Friday, February 20, 2009

Say my name, say my name...



Today I learned who "the man" is. Who the man is at Netflix at least. You see, I am now convinced there is a man (or a lady) (or the little boy from The Shinning) that sits in an office at Netflix somewhere. Their job is to review your que. To see what you have on deck and from time to time hit you up with an oddball combo. You know what I mean...you get Spaceballs and Balls of Fury. Or you get Redneck Zombie Massacre in the same mail delivery as Barbie in Mermadia. The ironic combo. Or, in some cases, the embarrassing combo of films you want but didn't expect to get in the same week.
Now I enjoy Netflix, don't get me wrong. I just think that someone is toying with me, or the horror Gods are in alignment: as today I received both My Name is Bruce and His Name was Jason. both films I have been waiting to see, but was not expecting to get together. Could there really be a small boy, rabid robot dog, or computer program fucking with my que?? That ain't nothing nice. But, I will be enjoying watching these two horror giants. Jason and Bruce. Maybe one day they could battle each other. With the winner taking on "the man" at Netflix.

Wednesday, February 11, 2009

He would not run...

What would Jason do? What would he do if he found out that Marcus Nispel was remaking him. What would Kane Hodder do if he found out Derek Mears was playing him? What will Michael Bay do when he runs out of major horror properties to remake?

All of these questions will be answered with time. While I wait patiently at the dock of crystal lake like the rest of us for this new re-launch--I wonder--"this is still just theater fluff, right?" This, and the countless remakes before it are what we call theater fodder. Movies for teens and old school horror junkies like myself to maybe catch in the theatre--more likely to catch on DVD. But the real horror is out there. unfortunately, this Winter it is not in the theatre.

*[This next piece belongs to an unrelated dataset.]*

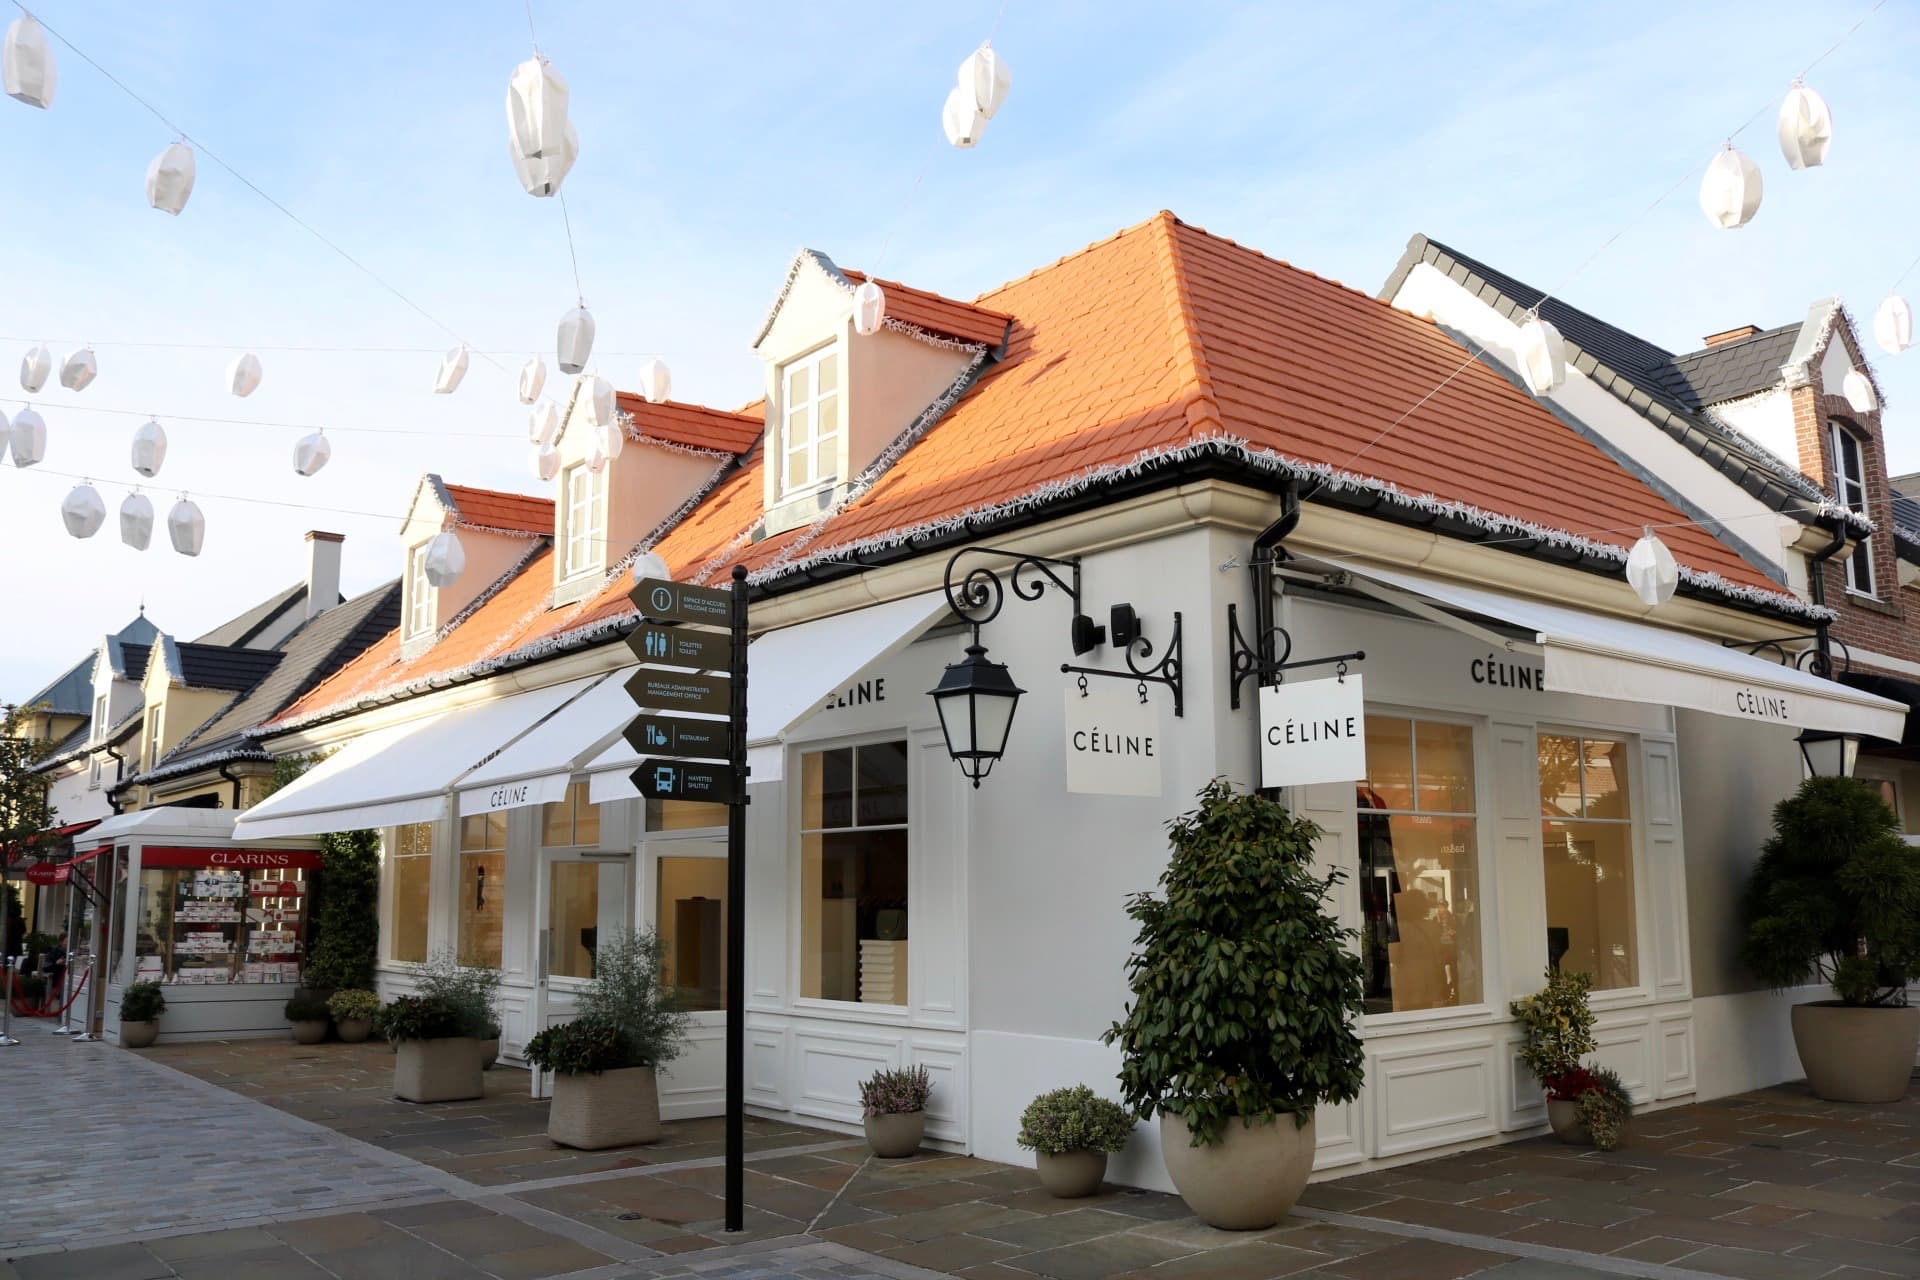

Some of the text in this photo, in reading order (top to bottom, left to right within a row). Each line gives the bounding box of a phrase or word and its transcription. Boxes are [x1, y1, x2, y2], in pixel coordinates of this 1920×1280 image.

I will see the new Jason--for entertainment. More than likely on DVD. Maybe even Cupid will get me the what would Jason do t-shirt I've always wanted. The preview looks neat-- I like the burlap sack look....I like the atmosphere....and I like the director. Marcus Nispel did a yeoman's job with the Texas Chainsaw re-launch.

There is one issue I will take before seeing the film: HE WOULD NOT RUN. There is a rather cool, jaw-drop inducing "Jason running" scene in the preview. I myself at first was even all like "holy shit, that's cool." but....he would not run. Jason was a slug. A meat head. A drowned hydrocephalus head- soggy- bulky- behemoth. He would not run. This is the one scene that looks to be making him into more of a video game killer. Let's hope this is not the case.

What I will do is enjoy the show. But- let us not forget, the real horror films that are out there (just maybe not in theatres). Like MARTYRS. LET THE RIGHT ONE IN. In October- THE BOX. OFFSPRING. And many many others. The New Friday the 13th is our theatre horror fair for this month. Most of us will not run, but drive to the video store to see the angry Voorhees boy.